El pasado 8 de octubre se cumplió un año desde el día en que en Acapulco (México), el Comandante César Montes fue ilegalmente capturado por el Gobierno de México y por ello se encuentra encarcelado en Guatemala. El arresto fue ilegal en tanto que el Comandante César Montes gozaba del estatus de refugiado político extendido por la Comisión Mexicana de Ayuda a Refugiados (COMAR). Su detención y deportación por el Gobierno de México en menos de 24 horas violó todas las regulaciones legales y la tradicional política de asilo del Estado en México. Fueron agencias del mismo gobierno las que capturaron a César Montes. Testigos presenciales informaron que la captura fue realizada por agentes de la Fiscalía General de la República (FGR), tres vehículos del Instituto Nacional de Migración (INM), tres camionetas armadas de ametralladoras de la Marina Nacional además de la participación de agentes de la Interpol.

Desafortunadamente un año después de que este hecho ha sido denunciado, no ha habido ninguna aclaración con respecto a quiénes fueron los responsables del referido acto ilegal ni tampoco información sobre si es cierto o falso cómo se conjeturó que el acto fue un hecho debido a la corrupción de mandos medios y bajos. No puede tenerse ningún prurito en manifestar lo anterior: por fortuna hoy se vive en México bajo un Gobierno encabezado por Andrés Manuel López Obrador quien ha reiterado que no será cómplice ni tapadera de nadie.

Pese a frisar en los ochenta años a César no se le ha permitido gozar de medidas sustitutivas como el enfrentar en arresto domiciliario el proceso judicial. En realidad enfrenta una justicia segada y parcial, un clima de odio desatado por sectores ultraderechistas, además de una justicia intencionalmente morosa para tenerlo en la cárcel el mayor tiempo posible.
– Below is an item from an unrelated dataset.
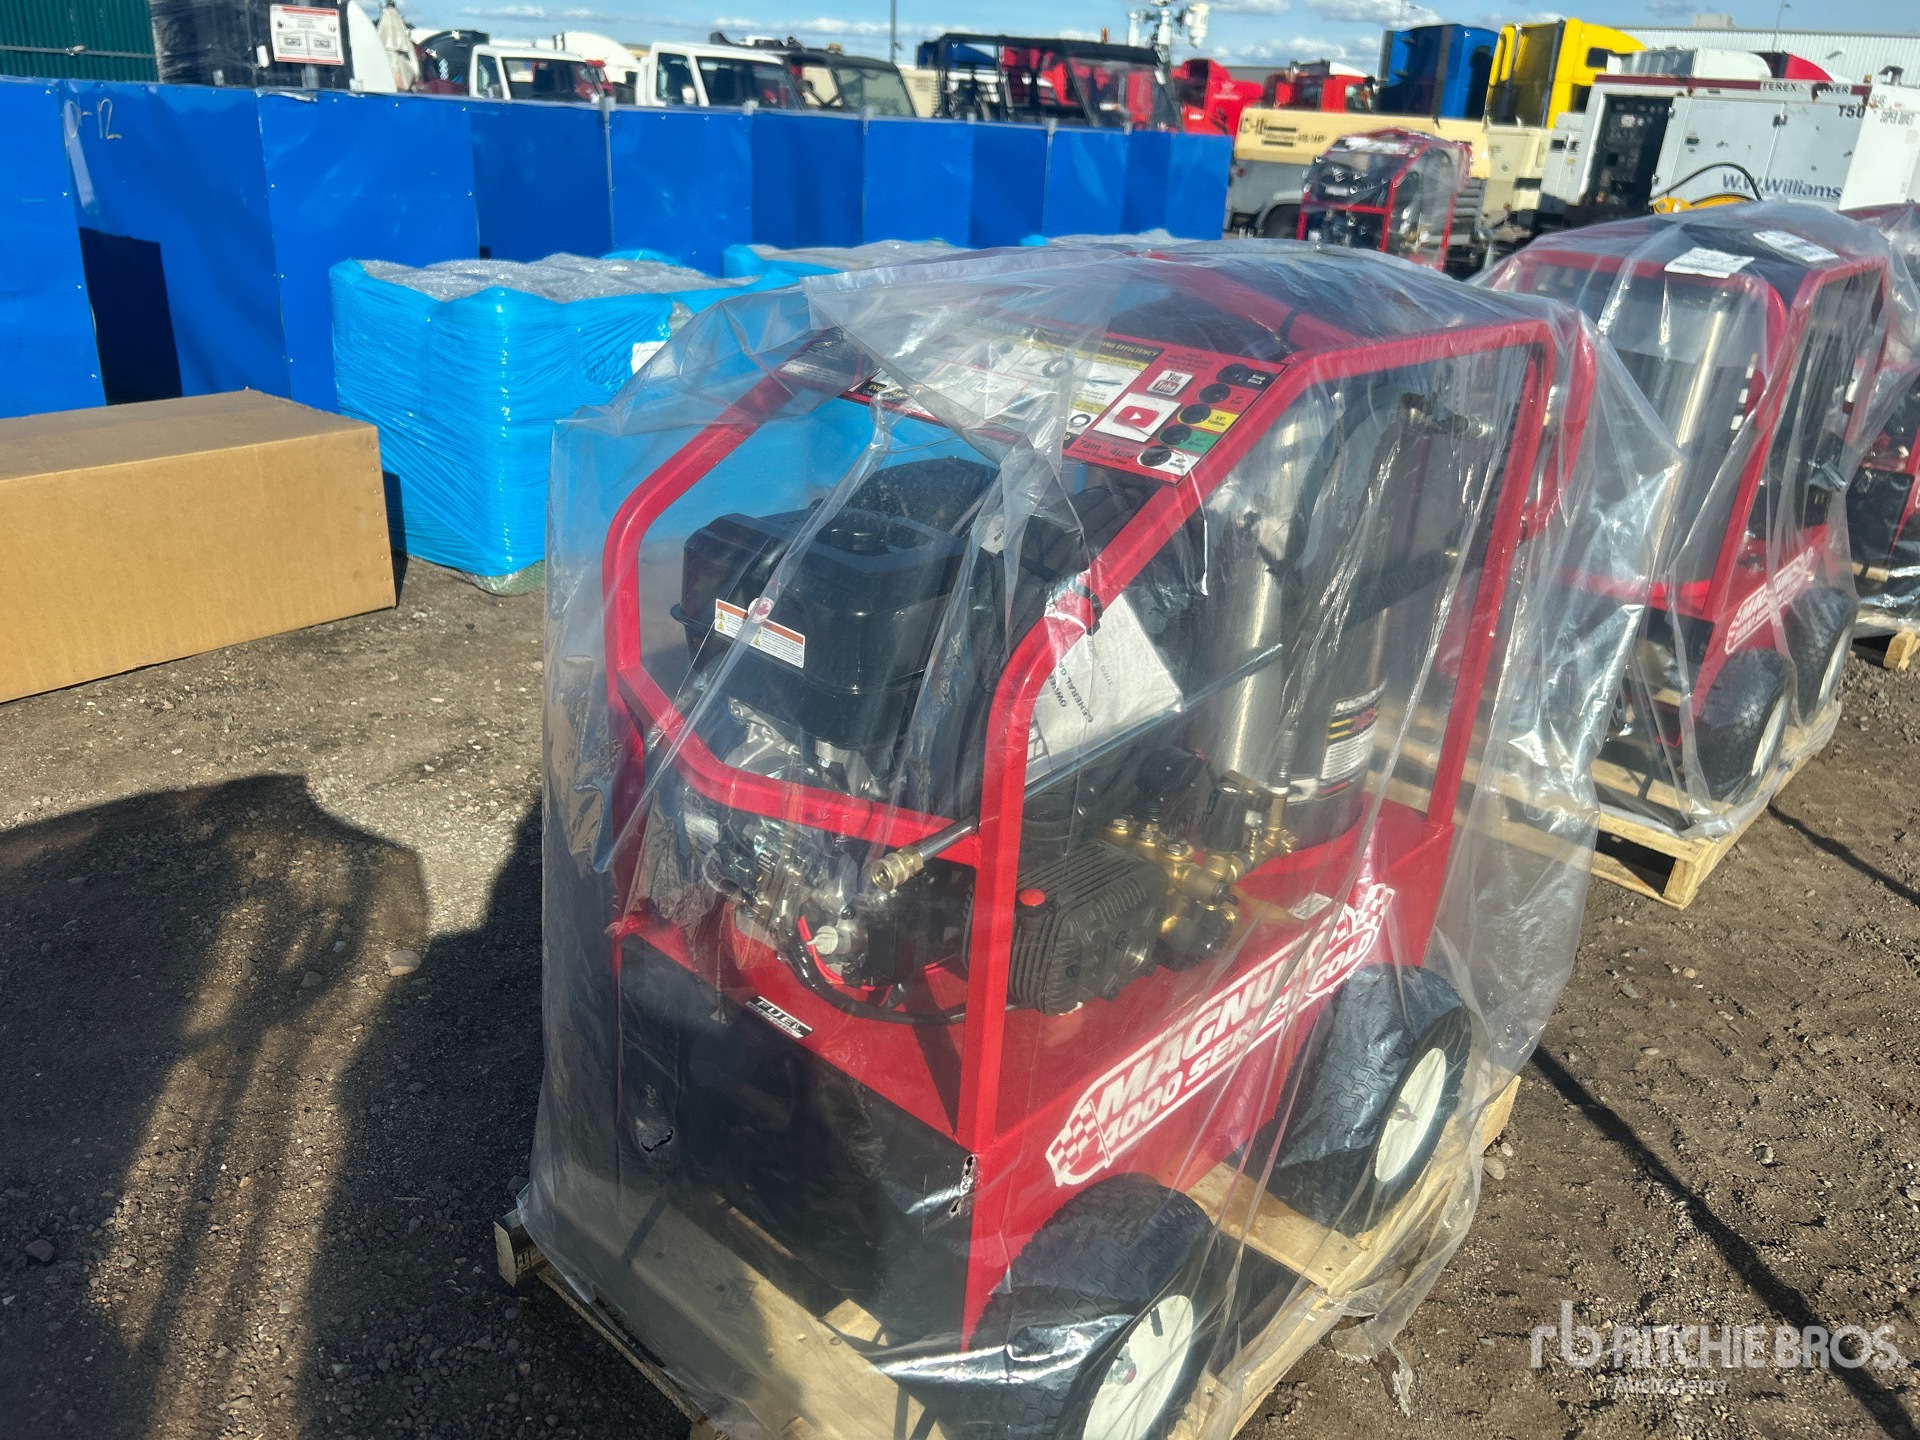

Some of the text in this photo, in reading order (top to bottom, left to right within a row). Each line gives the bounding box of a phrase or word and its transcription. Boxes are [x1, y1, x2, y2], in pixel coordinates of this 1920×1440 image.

Se le acusa de haber estado involucrado en la muerte de tres efectivos del ejército guatemalteco en la localidad de Semuy II en el departamento de Izabal de Guatemala. En realidad se encontraba a cientos de kilómetros de ese lugar y pese a su evidente inocencia, el gobierno montó una campaña de odio contra él y una cacería con policías y fuerzas armadas para asesinarlo por lo que tuvo que refugiarse en México. Estando ya encarcelado en el Cuartel de Matamoros en la ciudad de Guatemala, el Ministerio Público lo acusó de asesinato, asesinato en grado de tentativa, usurpación agravada y asociación ilegal de gente armada. Además le agregó un cargo por invasión de tierras.

El nueve de octubre, el día en que César Montes cumplió un año de estar en cautiverio, empezó a circular un manifiesto internacional firmado por 357 personalidades y 31 organizaciones de diversas partes del mundo denunciando estos hechos y exigiendo su libertad. El desprestigio del gobierno y la justicia en Guatemala es tan grande debido a la fama negra del llamado pacto de corruptos, que para el mundo lo que hoy vive César Montes no es más que un acto de injusticia y corrupción.